Using karate to teach Olympic Values in Rwanda

25 Feb 2020
IOC News YOG Karate Rwanda

One of 53 social entrepreneurs engaged in the IOC Young Leaders Programme, Jean-Claude Rugigana is promoting the Olympic values through martial arts in Rwanda with the help of IOC funding.

What is the name of your Young Leaders project?

“It is called ‘Best Holidays Karate For Children’. I was inspired by the chance to positively impact my local community through sport, after attending the 59th International Session for Young Participants, which took place at the International Olympic Academy in Greece in June 2019. It was here I learned about the Young Leaders programme and I realised it could be an accelerator in making my dreams of contributing to the development of my country using sport.”

What is the goal of ‘Best Holidays Karate For Children’?

“My hope is that the project will help to contribute to achieving the United Nations’ third Sustainable Development Goal, which focuses on good health and well-being for all. The sports camp gives an opportunity to children to do something new and healthy during the school holidays and instil in them the Olympic values and develop their curiosity in sport and karate. The heart of Olympism is the peace and sustainable development that the world needs. I also hope that the project will help improve their academic performance when they return to school.”

How old are the children?

“They are between four and 16 years old. The first phase of the project took place in November and December 2019. The next phase will be in July and August this year, while the third and final phase is scheduled for November and December. The programme is based in Kigali, the capital of Rwanda and, so far, 152 children, including 47 girls, have taken part. I hope in the future, with the support of the government, to extend the project to other areas of the country.”

Was karate the only sport on offer?

“We were also able to give the children the chance to try badminton, basketball and sports chanbara, another martial art, as well as traditional Rwandan dance. We introduced these sports to try and make each day as lively, joyful and diverse as possible.”

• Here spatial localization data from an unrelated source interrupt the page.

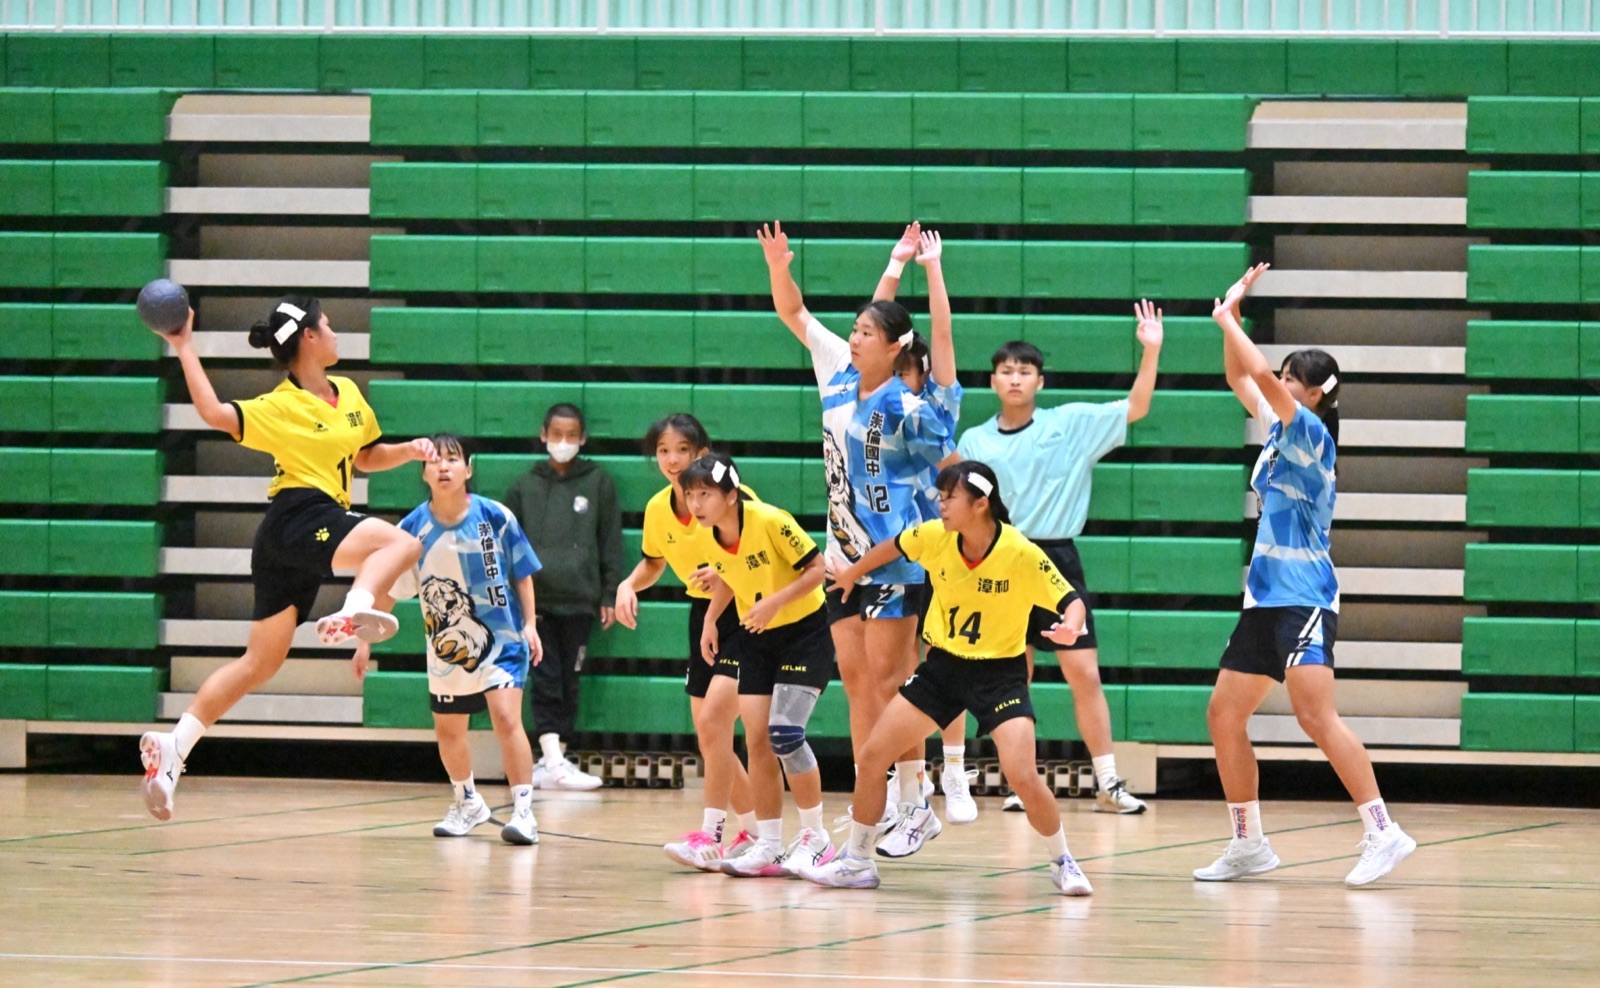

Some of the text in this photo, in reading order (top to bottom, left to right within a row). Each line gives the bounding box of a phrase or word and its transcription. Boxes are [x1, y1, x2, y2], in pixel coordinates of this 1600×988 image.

[866, 411, 884, 477] 崇倫國中
[865, 485, 890, 513] 12
[478, 522, 499, 580] 崇倫國中
[486, 585, 508, 607] 15
[977, 577, 1010, 594] 漳和
[947, 605, 982, 645] 14
[994, 698, 1021, 713] KELME
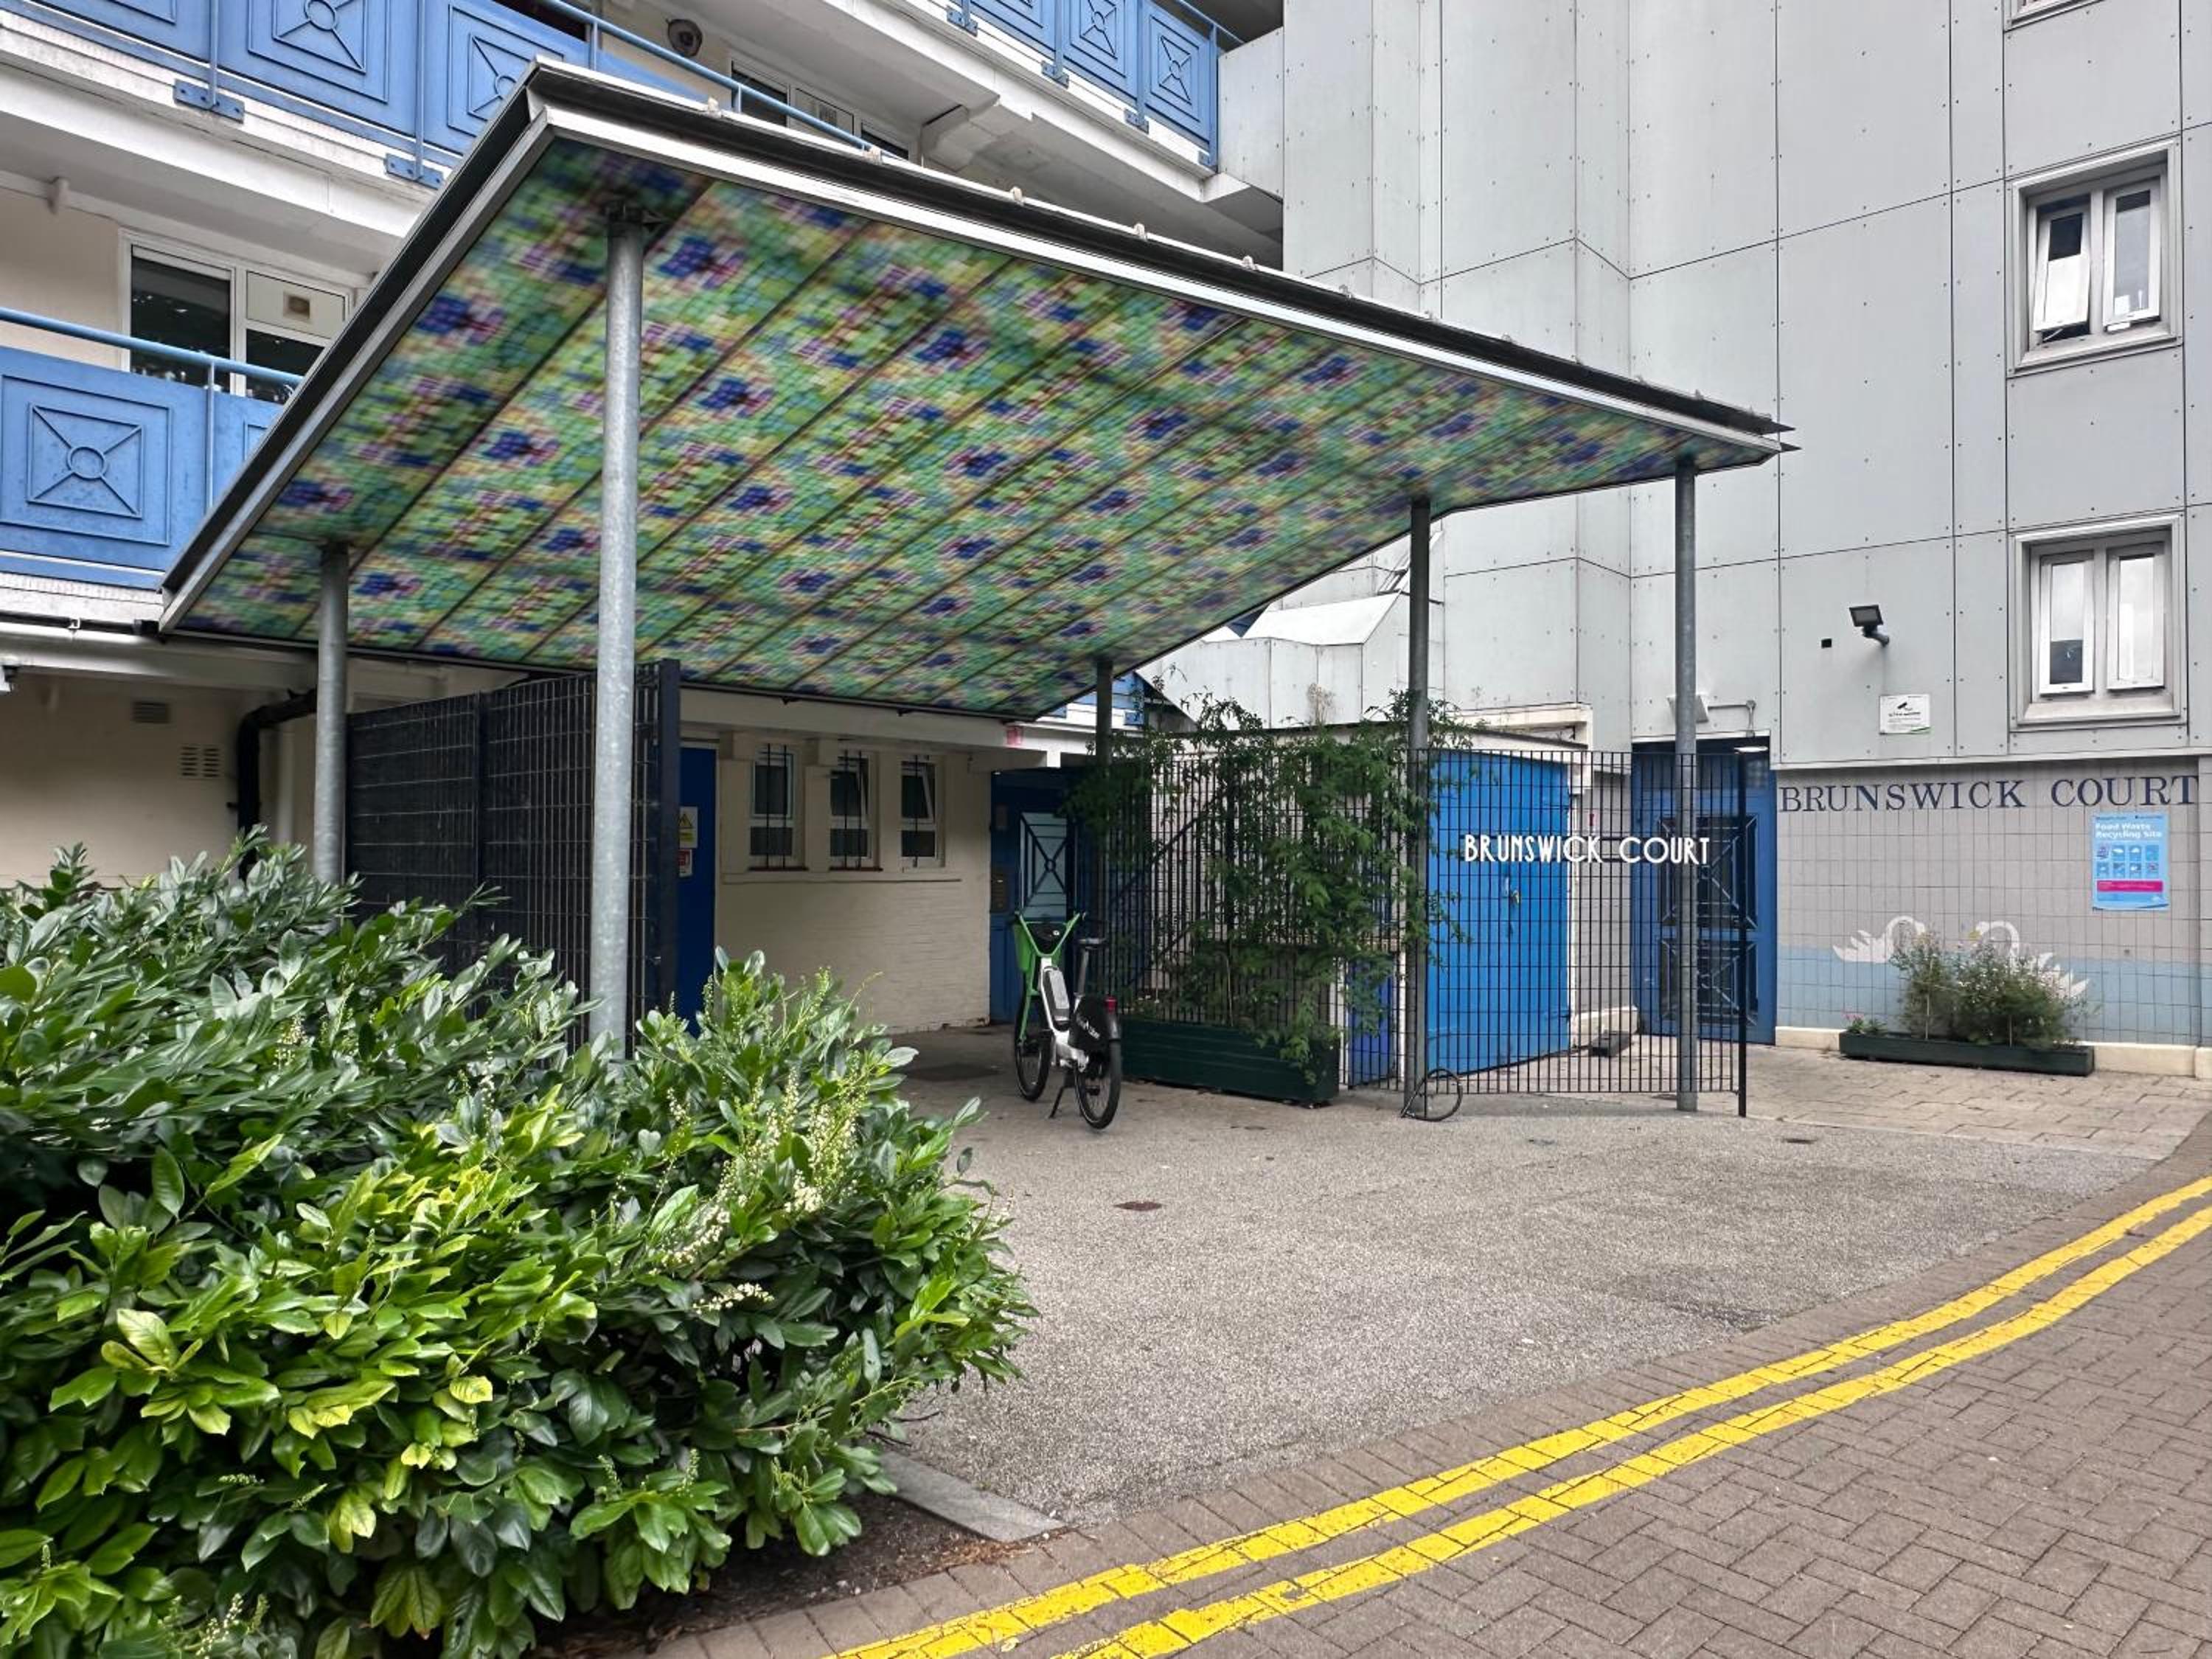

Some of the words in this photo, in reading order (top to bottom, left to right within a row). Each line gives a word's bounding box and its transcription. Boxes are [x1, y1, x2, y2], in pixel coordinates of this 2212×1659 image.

[1779, 780, 2026, 812] BRUNSWICK
[2051, 776, 2199, 807] COURT
[2096, 830, 2140, 838] Recycling
[1464, 835, 1603, 863] BRUNSWICK
[1619, 836, 1710, 865] COURT

What feedback have you had following the first phase of the project?

“I believe the fact we were able to attract more than 150 children to the camp was a sign of our success and put us on course to achieving our target of involving over 200 children by the end of the programme. I have also received many good comments from the children and their parents, who said they enjoyed the camp and the chance to experience sports that were new to them.”

What support have you had in delivering your project?

“Of course, I have been very grateful for the backing of the IOC and the financial support from Panasonic. In addition, I have worked closely with the Rwanda National Olympic and Sports Committee, the Ministry of Sports and the Rwanda Karate Federation, which provided an Olympic Values Education Programme educator, a sports development officer and karate coaches respectively. As a result, we had six coaches, plus eight volunteers, to ensure the children were able to get the most from their experience. Moving forward, I’m optimistic I can persuade investors to join me and help make the project even bigger.”

You’re the General Secretary of the Rwanda Sports Chanbara Federation. Why opt for karate rather than chanbara as the main focus for your programme?

“They are both martial arts from Japan, but karate is more popular in Rwanda. Chanbara is still a relatively new sport here and I wanted the camp to be as accessible as possible. With the assistance of the head coach of the Rwandan Karate Federation, Mr Nkuranyabahizi Noel, I have been organising karate camps for children since 2016, and it seemed logical to continue with the same sport for my Young Leaders project. I have been practising karate for a decade now and have reached the level of third Dan.”

How have you invested your IOC seed funding?

“The money will be spent over all three phases of the project, and so far it has been so helpful in securing coaches for the camp, as well as buying equipment for the children.”

For the fourth year running, the IOC is grateful for the support of TOP Partner Panasonic, whose generosity has made it possible to further develop the IOC Young Leaders Programme.

Supported by a grant from the IOC of up to CHF 5,000, the new IOC cycle will see over 50 new and ongoing initiatives undertaken worldwide over the next 12 months. The previous 2018-19 cycle delivered 39 life-changing projects globally.

Each new initiative is focused on one of seven core themes: athlete-focused education; the environment; gender equality; healthy living; inclusion (disability) and inclusion (displaced and minority populations); and Olympic values education.